[Stored items from a collection]
----------------
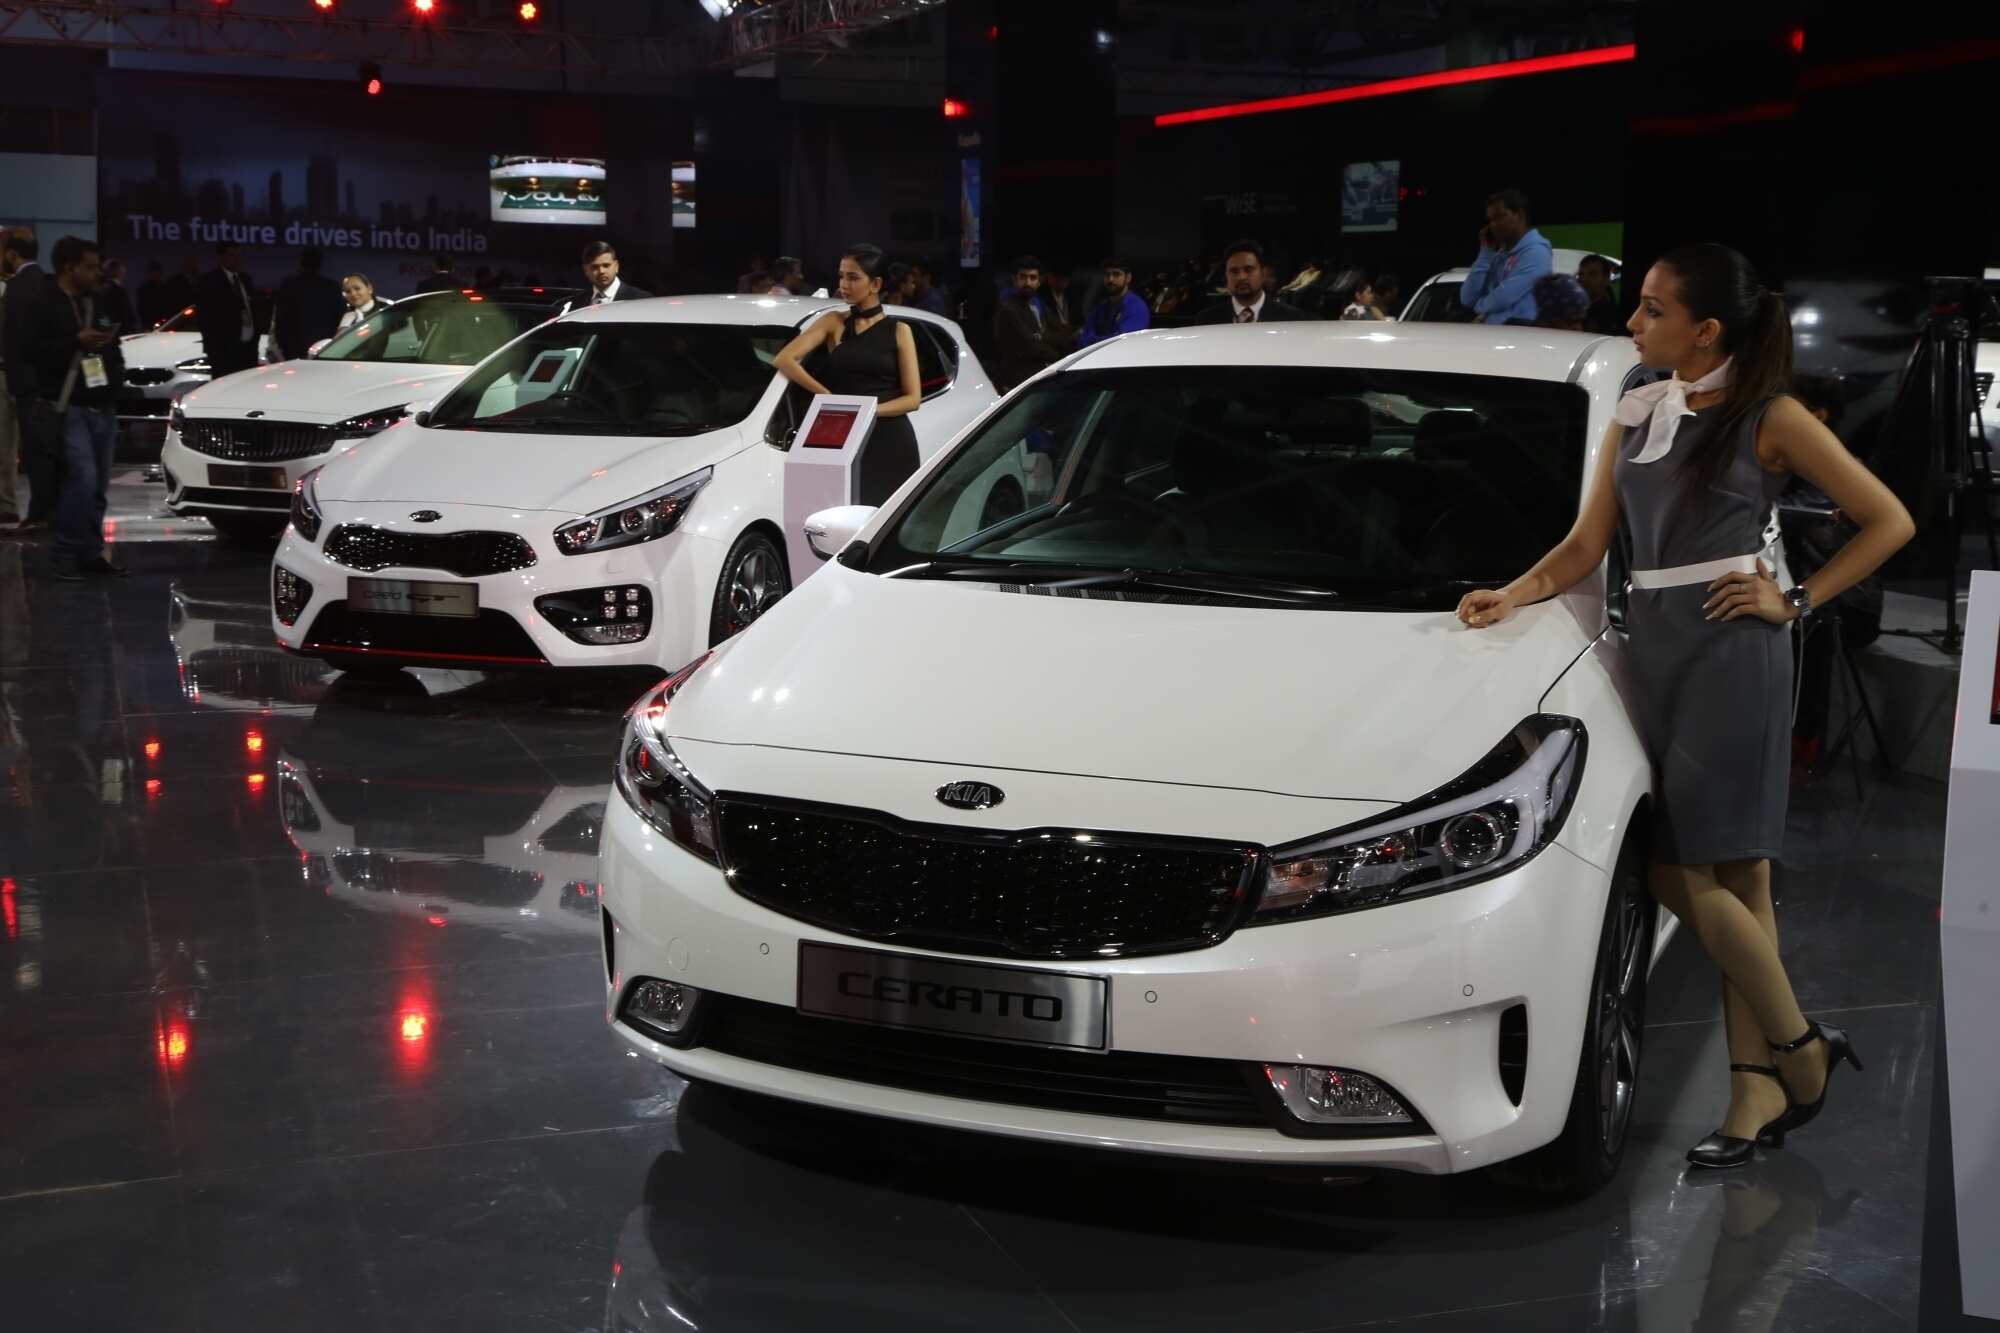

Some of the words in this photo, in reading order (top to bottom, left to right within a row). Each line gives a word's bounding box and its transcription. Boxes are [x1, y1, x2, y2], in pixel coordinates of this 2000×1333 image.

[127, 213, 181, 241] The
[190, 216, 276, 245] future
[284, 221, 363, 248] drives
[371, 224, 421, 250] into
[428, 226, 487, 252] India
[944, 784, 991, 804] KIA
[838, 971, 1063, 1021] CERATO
----------------
THE TASK ▸ Reproduce the lines above letter for letter. The pictures stay behind.

TASK RESULT ▸
Some of the words in this photo, in reading order (top to bottom, left to right within a row). Each line gives a word's bounding box and its transcription. Boxes are [x1, y1, x2, y2], in pixel coordinates of this 2000×1333 image.

[127, 213, 181, 241] The
[190, 216, 276, 245] future
[284, 221, 363, 248] drives
[371, 224, 421, 250] into
[428, 226, 487, 252] India
[944, 784, 991, 804] KIA
[838, 971, 1063, 1021] CERATO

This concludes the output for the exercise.